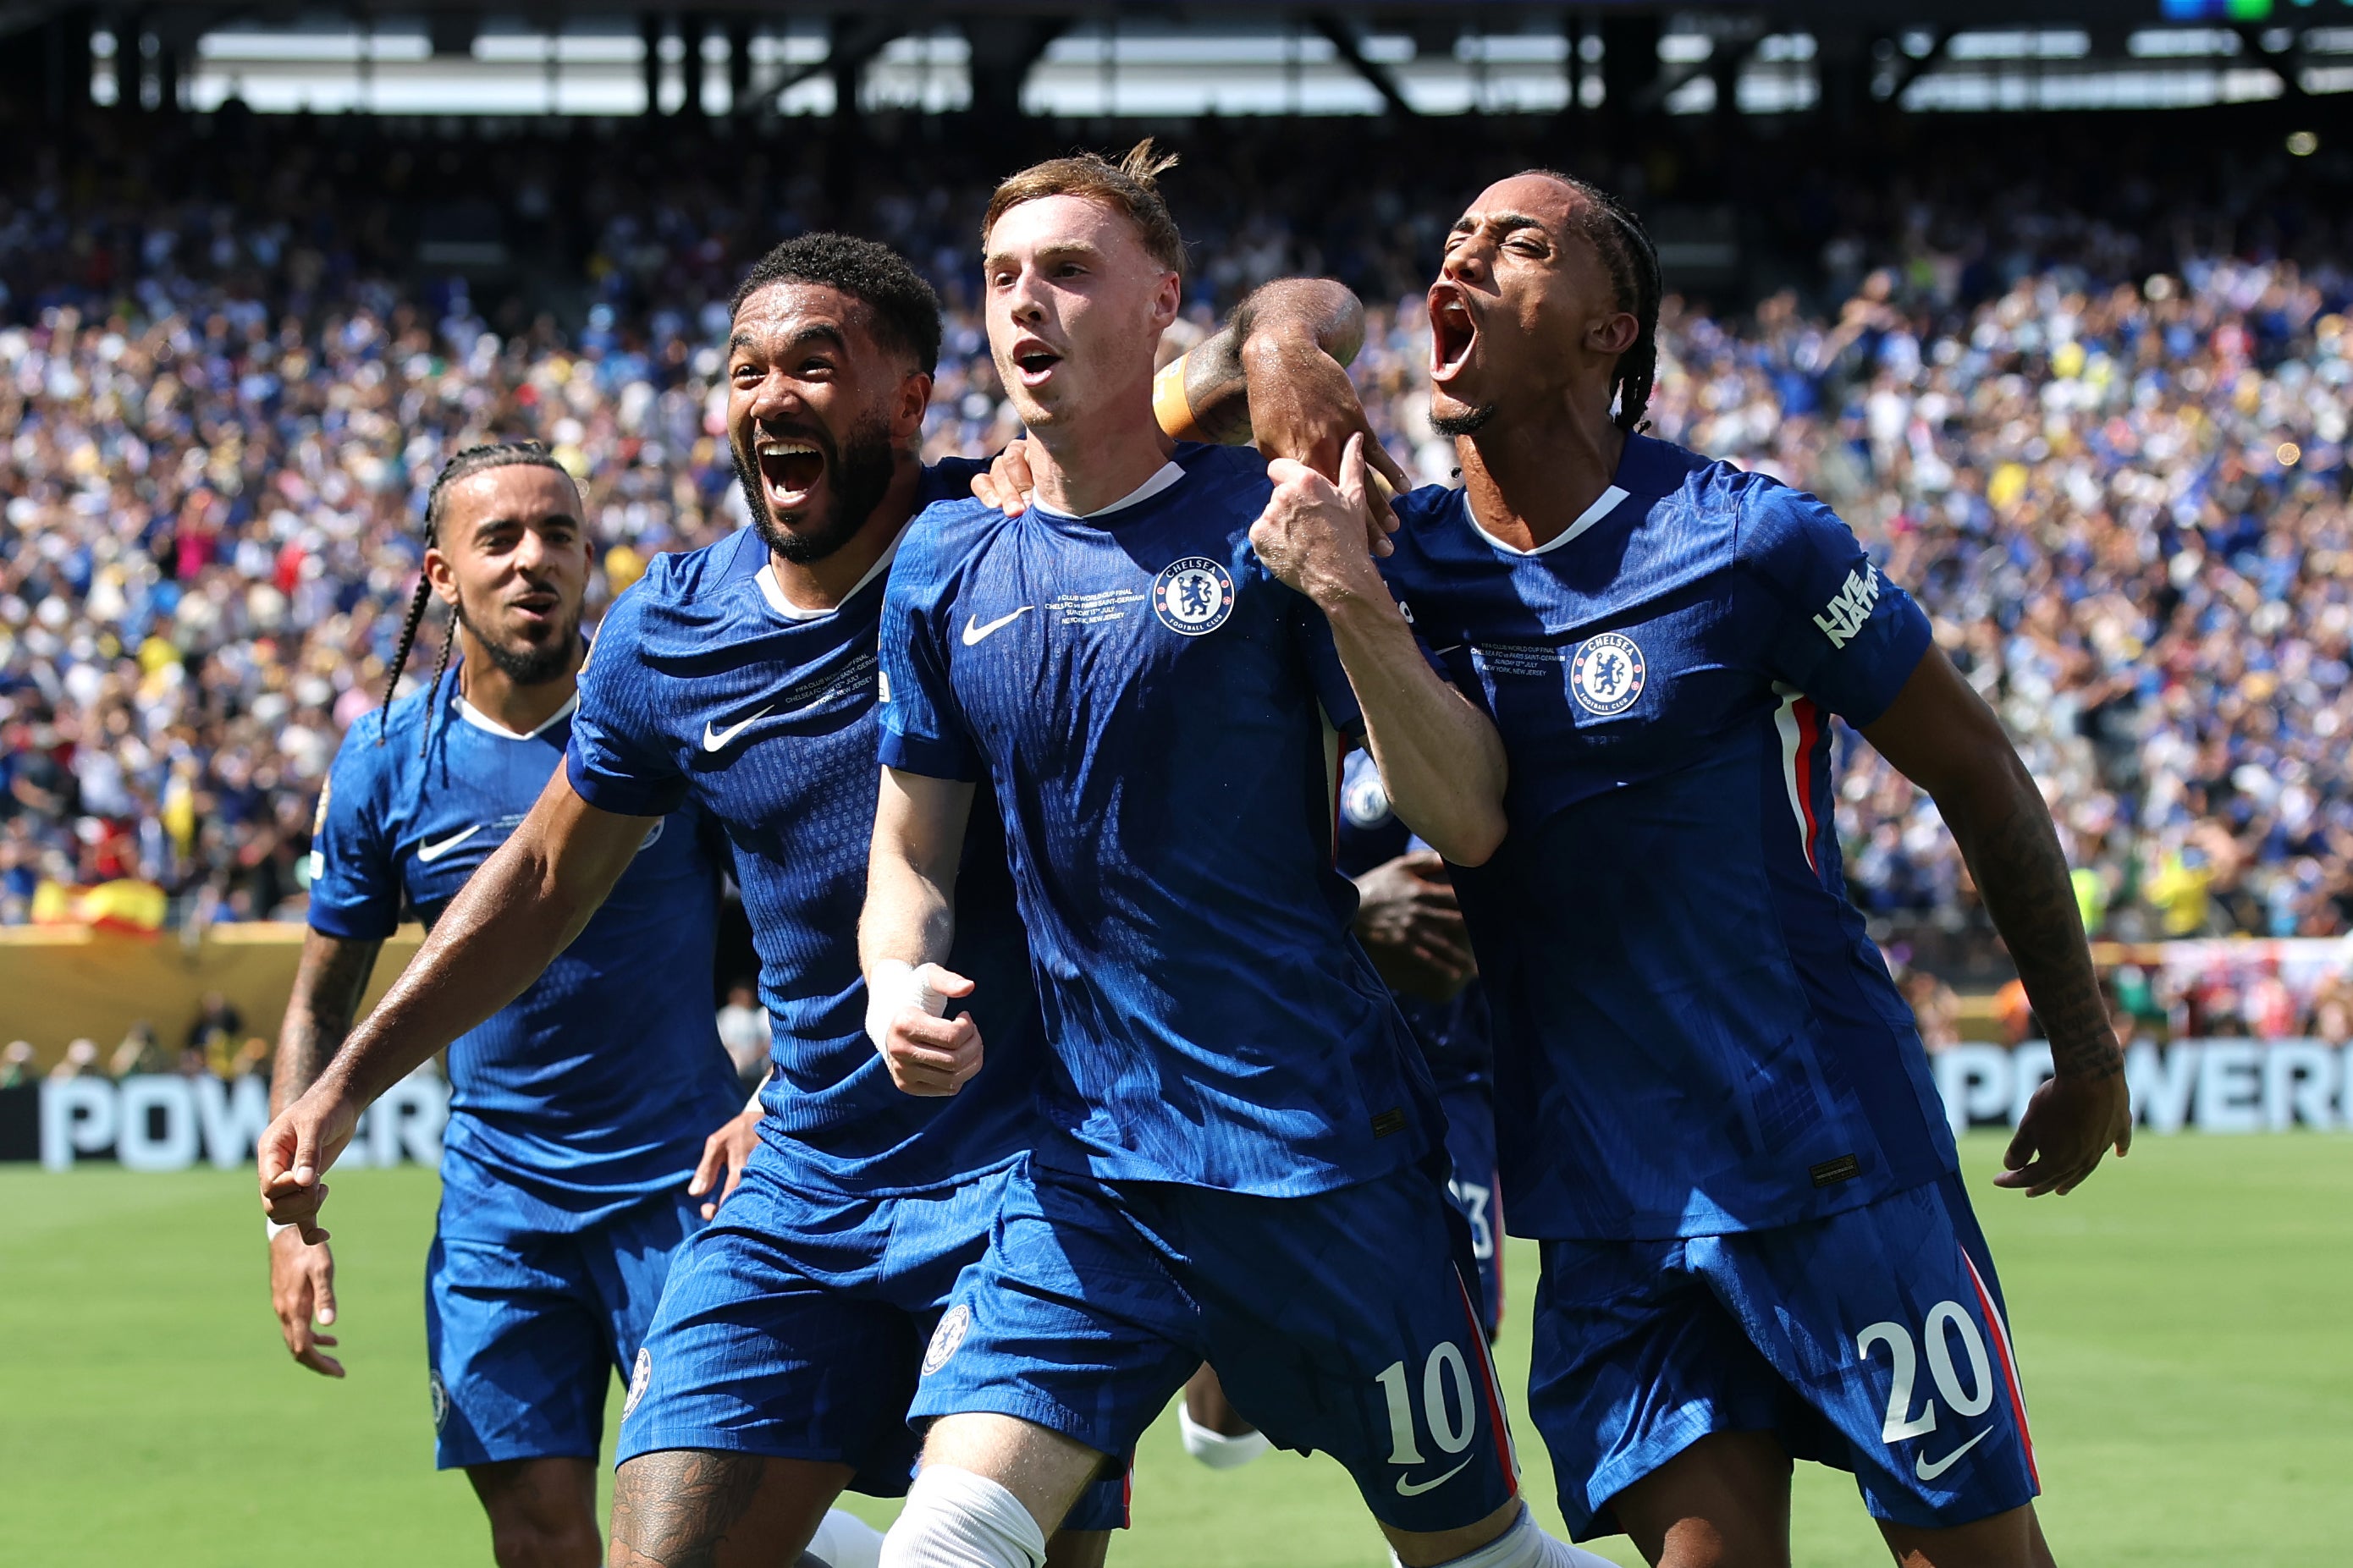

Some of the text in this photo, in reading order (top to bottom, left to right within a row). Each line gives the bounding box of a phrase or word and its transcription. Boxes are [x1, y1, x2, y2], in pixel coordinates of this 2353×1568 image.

[1165, 559, 1216, 578] CHELSEA
[1098, 594, 1145, 607] SAINT-GERMAIN
[1812, 568, 1865, 634] LIVE
[1088, 615, 1103, 624] NEW
[1103, 612, 1125, 621] JERSEY
[1169, 613, 1223, 631] FOOTBALL CLUB
[1470, 647, 1495, 657] CHELSEA
[1524, 653, 1566, 662] SAINT-GERMAIN
[1588, 635, 1635, 657] CHELSEA
[807, 679, 825, 689] CLUB
[852, 652, 869, 665] FINAL
[846, 674, 860, 685] JULY
[785, 690, 813, 704] CHELSEA
[813, 686, 822, 695] FC
[836, 686, 851, 696] NEW
[851, 675, 873, 690] JERSEY
[1579, 692, 1628, 711] FOOTBALL CLUB
[1935, 1037, 2353, 1135] PWER
[1448, 1178, 1494, 1260] 3
[1856, 1300, 1993, 1444] 20
[1375, 1340, 1475, 1465] 10
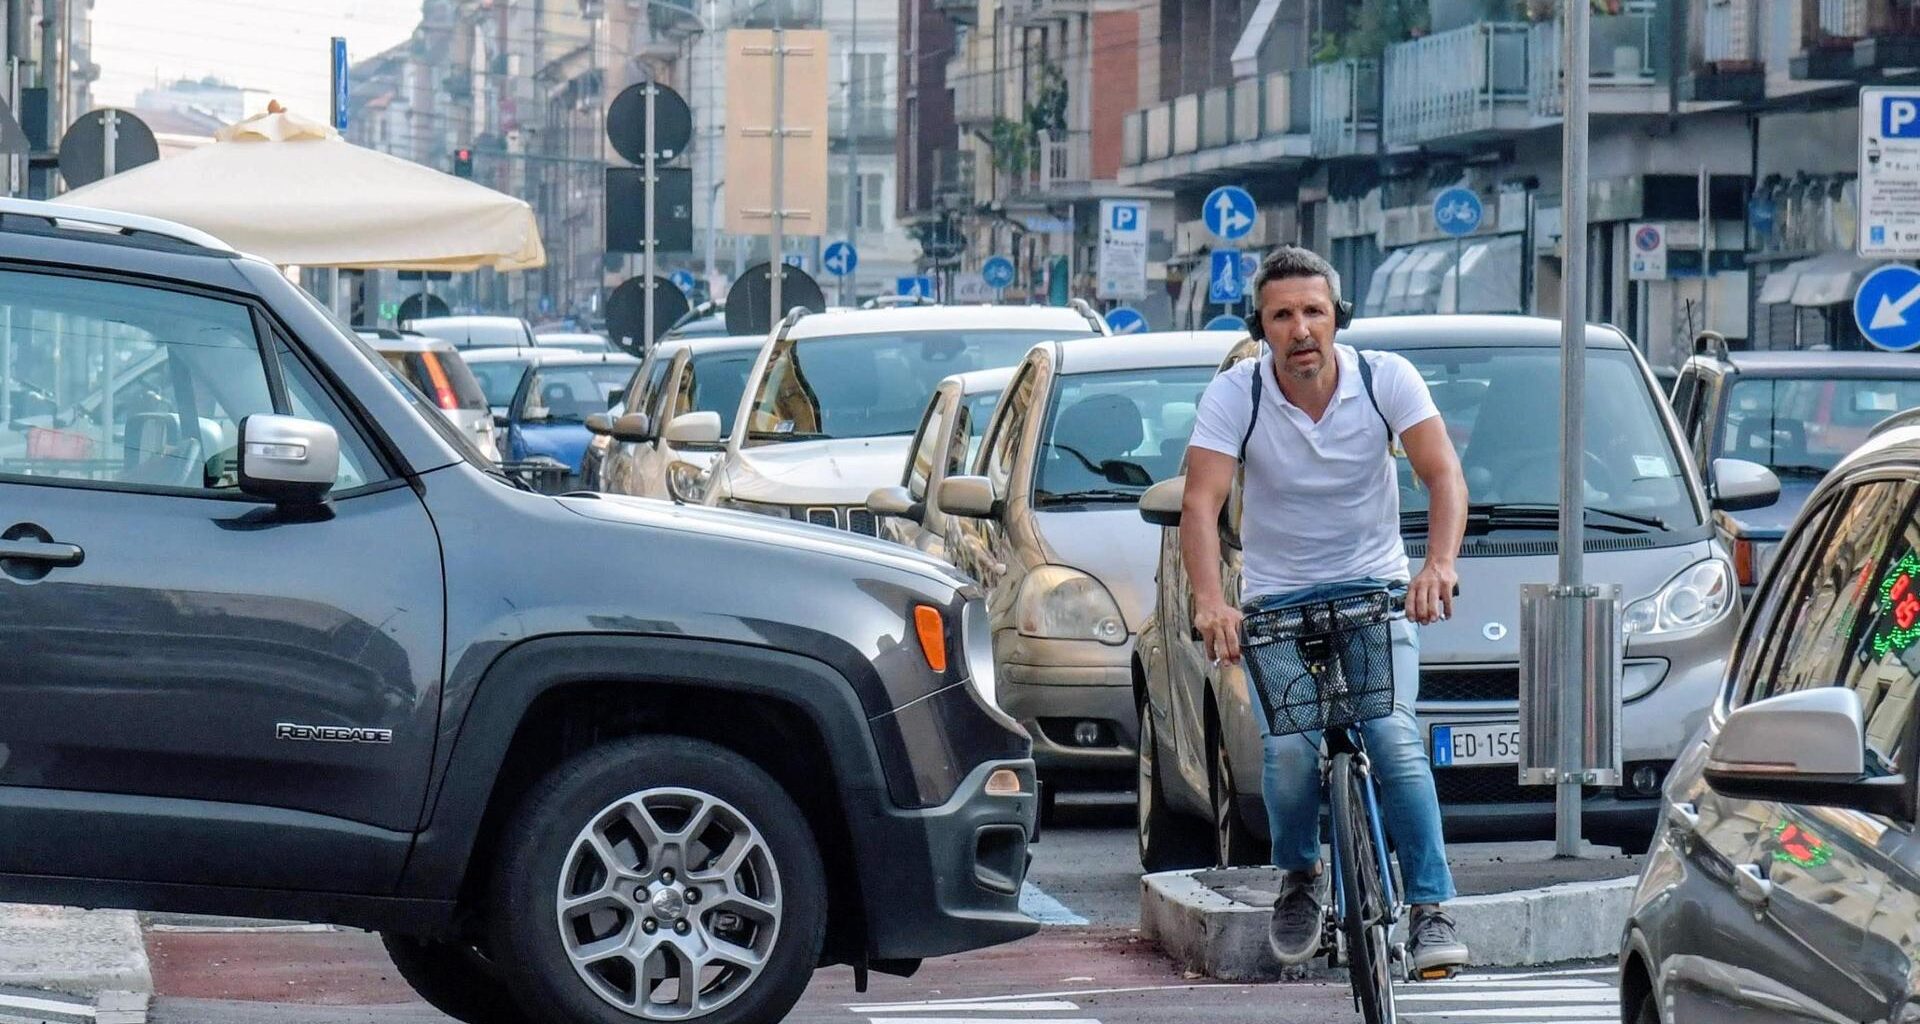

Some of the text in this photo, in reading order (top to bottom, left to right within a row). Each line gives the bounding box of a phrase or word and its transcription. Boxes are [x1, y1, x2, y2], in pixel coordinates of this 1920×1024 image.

[1889, 101, 1917, 134] P
[1117, 208, 1133, 228] P
[276, 723, 393, 743] RENEGADE
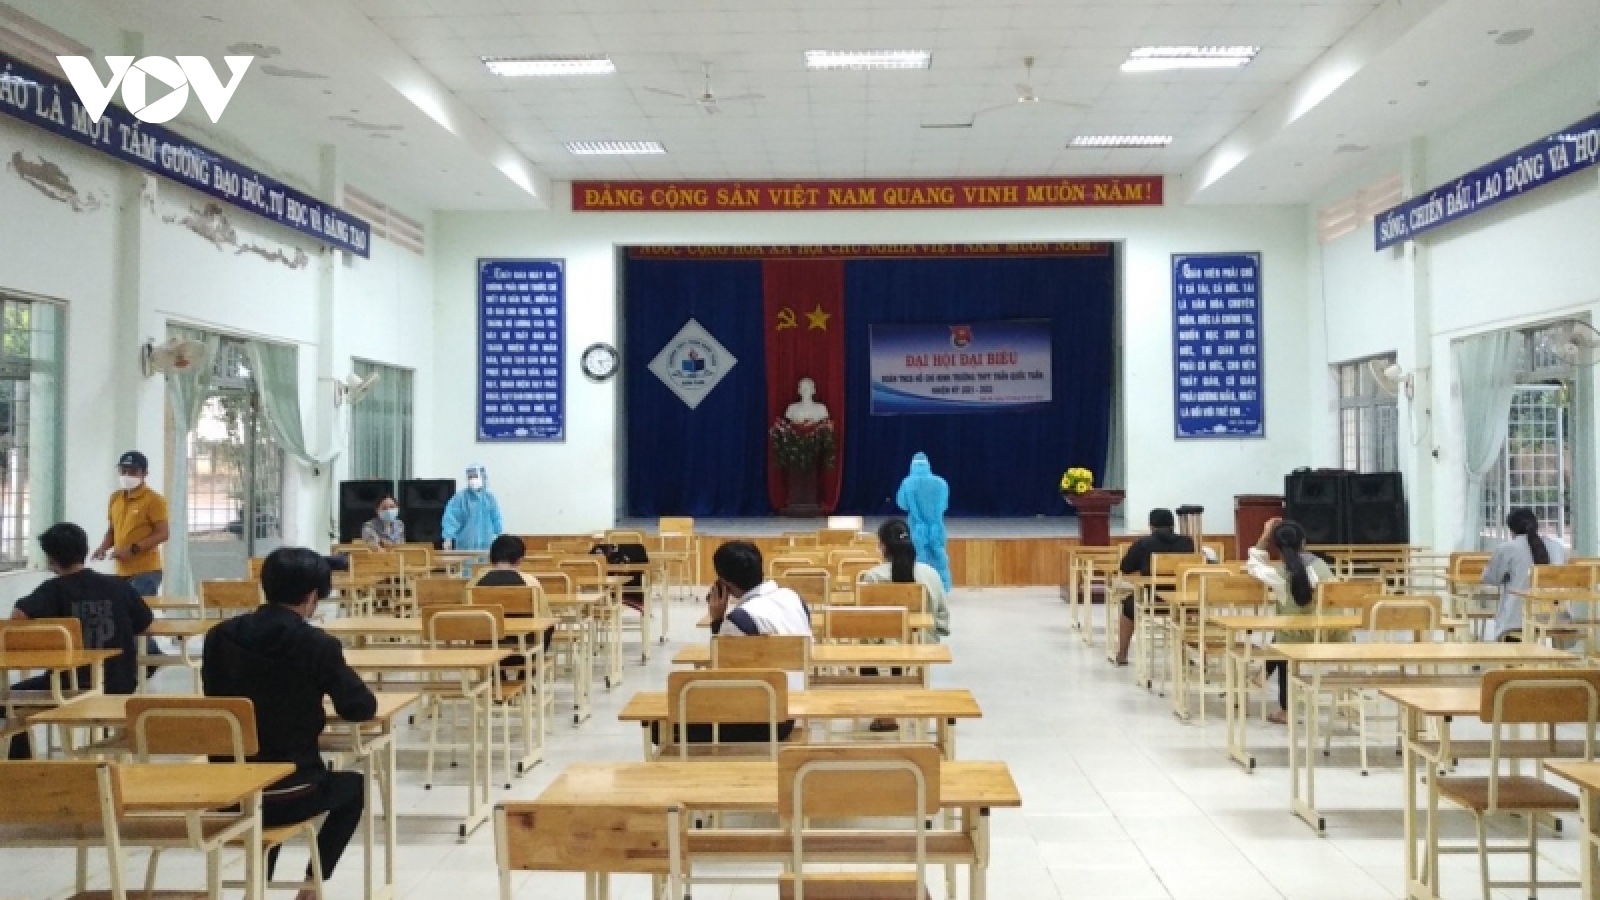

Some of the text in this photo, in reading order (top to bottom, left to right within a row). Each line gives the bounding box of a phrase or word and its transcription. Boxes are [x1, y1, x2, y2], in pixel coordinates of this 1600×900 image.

[35, 84, 65, 125] LÀ
[214, 165, 239, 198] ĐẠO
[287, 198, 308, 227] HỌC
[324, 212, 348, 242] SÁNG
[585, 182, 644, 206] ĐẢNG
[651, 184, 708, 209] CỘNG
[716, 182, 760, 206] SẢN
[768, 182, 820, 209] VIỆT
[828, 188, 877, 205] NAM
[883, 187, 955, 205] QUANG
[962, 185, 1018, 203] VINH
[1026, 180, 1086, 202] MUÔN
[1380, 211, 1408, 242] SỐNG,
[1410, 192, 1444, 230] CHIẾN
[1476, 172, 1502, 204] LAO
[1505, 153, 1544, 193] ĐỘNG
[906, 345, 1018, 370] ĐẠI HỘI ĐẠI BIỂU

**TASK OBJECTIVE:** The entries above need to be transcribed exactly, with the images left out.

**WRITTEN ANSWER:**
Some of the text in this photo, in reading order (top to bottom, left to right within a row). Each line gives the bounding box of a phrase or word and its transcription. Boxes are [x1, y1, x2, y2], in pixel coordinates of this 2353×1568 image.

[1165, 559, 1216, 578] CHELSEA
[1098, 594, 1145, 607] SAINT-GERMAIN
[1812, 568, 1865, 634] LIVE
[1088, 615, 1103, 624] NEW
[1103, 612, 1125, 621] JERSEY
[1169, 613, 1223, 631] FOOTBALL CLUB
[1470, 647, 1495, 657] CHELSEA
[1524, 653, 1566, 662] SAINT-GERMAIN
[1588, 635, 1635, 657] CHELSEA
[807, 679, 825, 689] CLUB
[852, 652, 869, 665] FINAL
[846, 674, 860, 685] JULY
[785, 690, 813, 704] CHELSEA
[813, 686, 822, 695] FC
[836, 686, 851, 696] NEW
[851, 675, 873, 690] JERSEY
[1579, 692, 1628, 711] FOOTBALL CLUB
[1935, 1037, 2353, 1135] PWER
[1448, 1178, 1494, 1260] 3
[1856, 1300, 1993, 1444] 20
[1375, 1340, 1475, 1465] 10

Some of the text in this photo, in reading order (top to bottom, left to right within a row). Each line gives the bounding box of a phrase or word and its transcription. Boxes are [x1, y1, x2, y2], in pixel coordinates of this 1920×1024 image.

[1889, 101, 1917, 134] P
[1117, 208, 1133, 228] P
[276, 723, 393, 743] RENEGADE

Some of the text in this photo, in reading order (top to bottom, left to right within a row). Each line gives the bounding box of a phrase or word and its transcription. Boxes are [x1, y1, x2, y2], in pixel coordinates of this 1600×900 image.

[35, 84, 65, 125] LÀ
[214, 165, 239, 198] ĐẠO
[287, 198, 308, 227] HỌC
[324, 212, 348, 242] SÁNG
[585, 182, 644, 206] ĐẢNG
[651, 184, 708, 209] CỘNG
[716, 182, 760, 206] SẢN
[768, 182, 820, 209] VIỆT
[828, 188, 877, 205] NAM
[883, 187, 955, 205] QUANG
[962, 185, 1018, 203] VINH
[1026, 180, 1086, 202] MUÔN
[1380, 211, 1408, 242] SỐNG,
[1410, 192, 1444, 230] CHIẾN
[1476, 172, 1502, 204] LAO
[1505, 153, 1544, 193] ĐỘNG
[906, 345, 1018, 370] ĐẠI HỘI ĐẠI BIỂU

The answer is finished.